Using the X-ray laser European XFEL an international team of researchers has successfully filmed a reaction step that is important for the development of antibiotic resistance. The molecular film captures the very rapid reaction of the enzyme beta-lactamase from tuberculosis bacteria with the cephalosporin antibiotic ceftriaxone in slow motion. The team published the results in IUCrJ, the journal of the International Union of Crystallography.

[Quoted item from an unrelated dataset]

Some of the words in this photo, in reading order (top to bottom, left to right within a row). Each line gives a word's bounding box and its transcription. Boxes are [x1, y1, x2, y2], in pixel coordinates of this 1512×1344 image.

The detector AGIPD at the European XFEL used for the experiment. Copyright: European XFEL
Antibiotic resistance occurs, in part, when bacteria acquire the ability to inactivate the antibiotics used against them. Many resistant bacteria produce the enzyme beta-lactamase. This enzyme can render the most commonly used beta-lactam antibiotics ineffective. The team, led by Marius Schmidt of the University of Wisconsin-Milwaukee, have now studied the first step of this inactivation at the SPB/SFX experimental station of the European XFEL, observing how the antibiotic binds to the beta-lactamase from resistant tuberculosis bacteria within milliseconds (thousandths of a second). The researchers also investigated how the enzyme inhibitor sulbactam reacts with the bacterial enzyme. Sulbactam, administered at the same time as the antibiotics, binds to the bacterial beta-lactamase, thereby blocking it. As a result the enzyme is unable to inactivate the antibiotics whose effectiveness is restored this way.

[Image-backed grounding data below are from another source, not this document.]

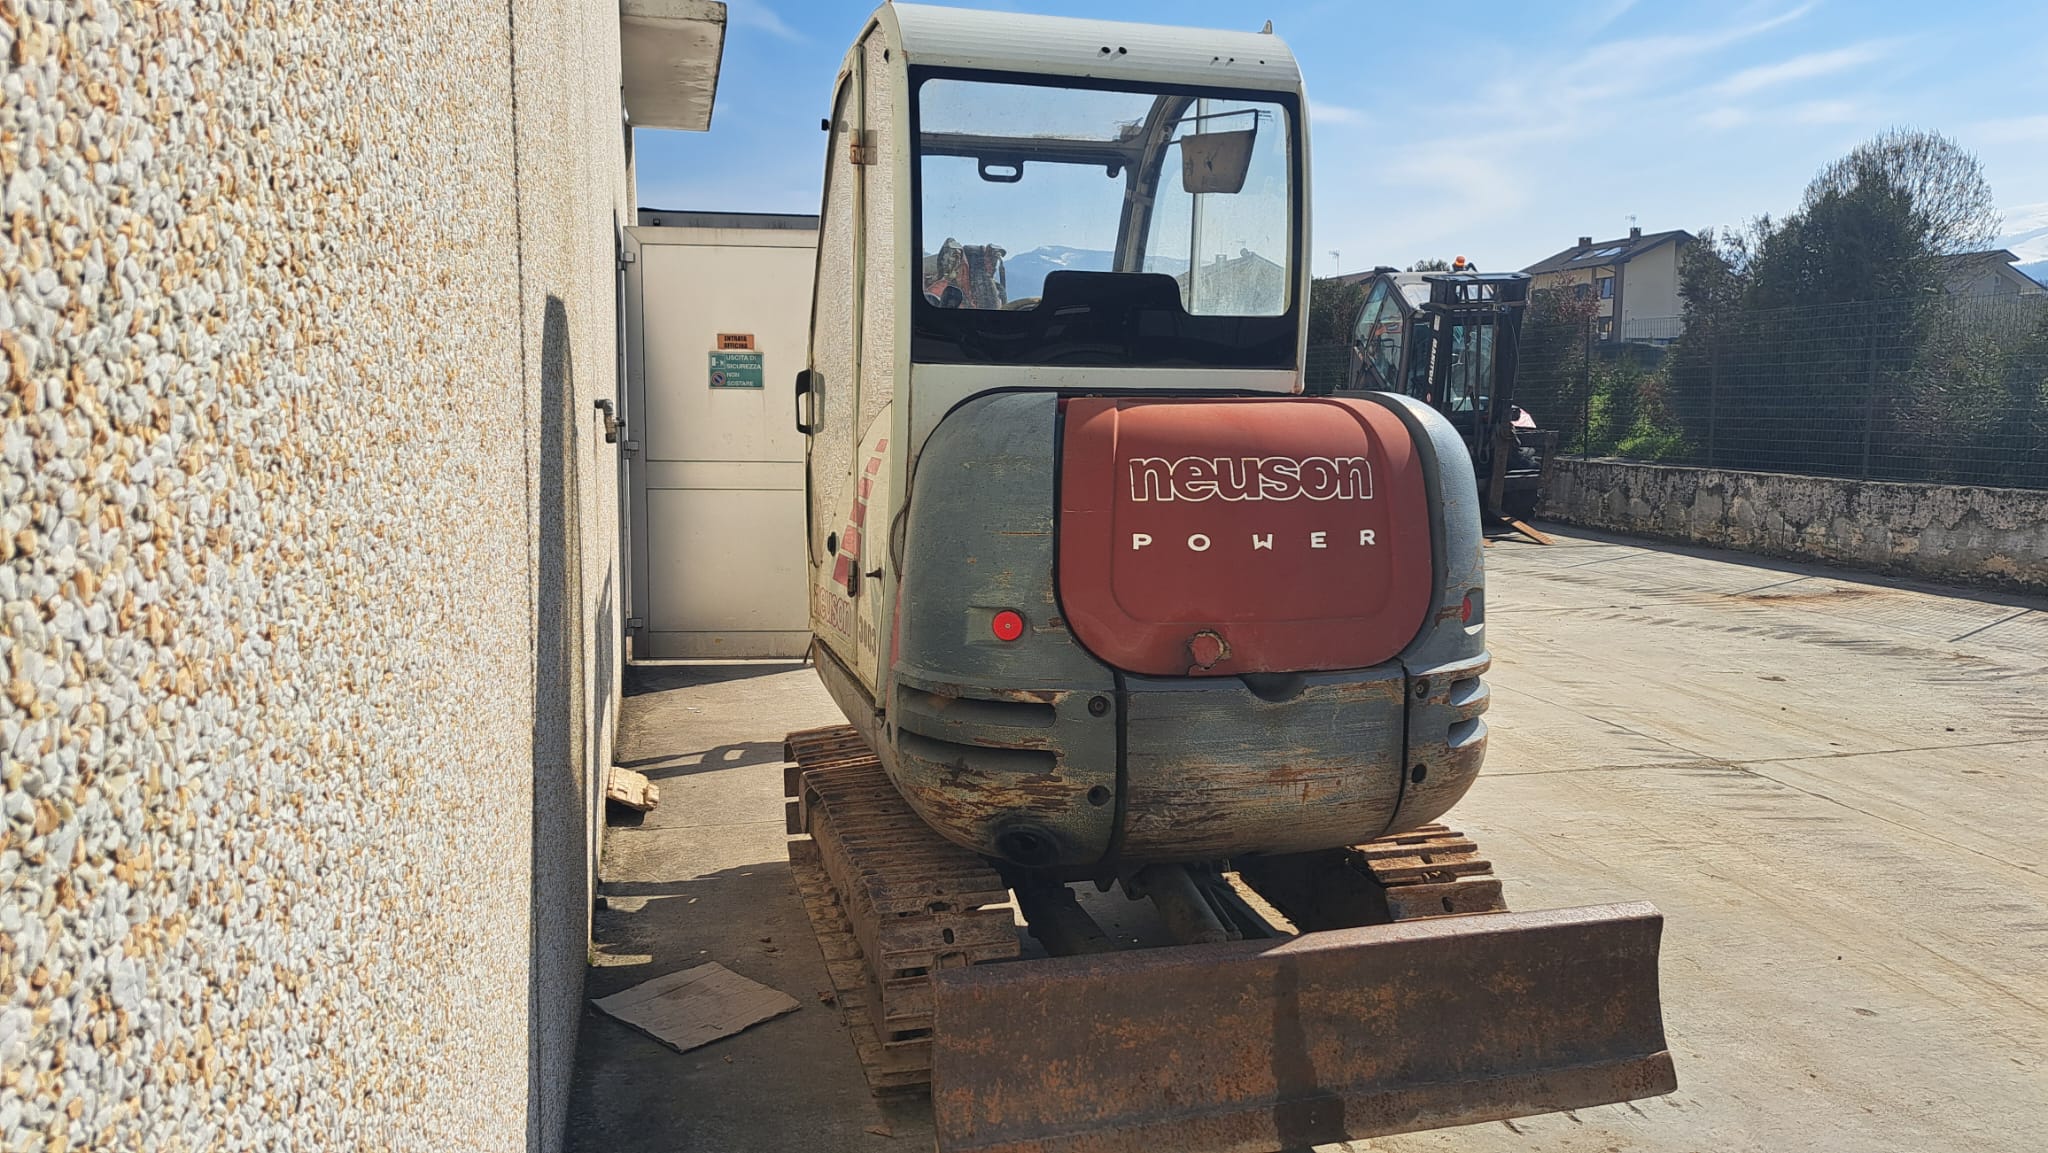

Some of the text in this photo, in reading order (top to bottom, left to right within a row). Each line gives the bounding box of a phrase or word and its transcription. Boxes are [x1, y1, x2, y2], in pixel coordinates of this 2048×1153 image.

[1428, 338, 1437, 385] MANITOU
[1129, 456, 1374, 502] neuson
[1132, 529, 1376, 551] POWER
[814, 585, 850, 637] neuson
[858, 615, 877, 656] 3003

Experimental setup at the European XFEL. BlaC microcrystals are mixed with substrate and injected into the X-ray interaction region (dotted circle) after a delay determined by the distance between the mixing region and the X-rays, the capillary width and the flow rate. Diffusion of substrate into the crystals occurs during this time. Source: https://journals.iucr.org/m/issues/2021/06/00/mf5055/index.html
Up to now, crystals have been a requirement to study biomolecules using X-rays, but with the advent of free electron X-ray lasers, researchers are able to study extremely small crystals. In the case of beta-lactamase, the enzyme crystals and the antibiotic solution are mixed together very quickly, and the reaction starts when the antibiotic diffuses into the enzyme crystal. Because of the small size of the crystals, diffusion is very fast, and all the beta-lactamase molecules in the crystal react with the antibiotic solution almost simultaneously. The special mix-and-inject method used in the study requires custom-made injectors, which were provided by the group of Lois Pollack (Cornell University) for use at the European XFEL. The method enables atomically accurate slow-motion imaging of fast biological processes in enzymes and other biomolecules.
"Enzymes such as beta-lactamase are of great importance for medicine," explains Marius Schmidt. "X-ray lasers like the European XFEL now make it possible to study much smaller crystals than in the past. Our experiment, together with previous results, has shown how X-ray lasers can be used as an important tool for biological research in the future," he adds.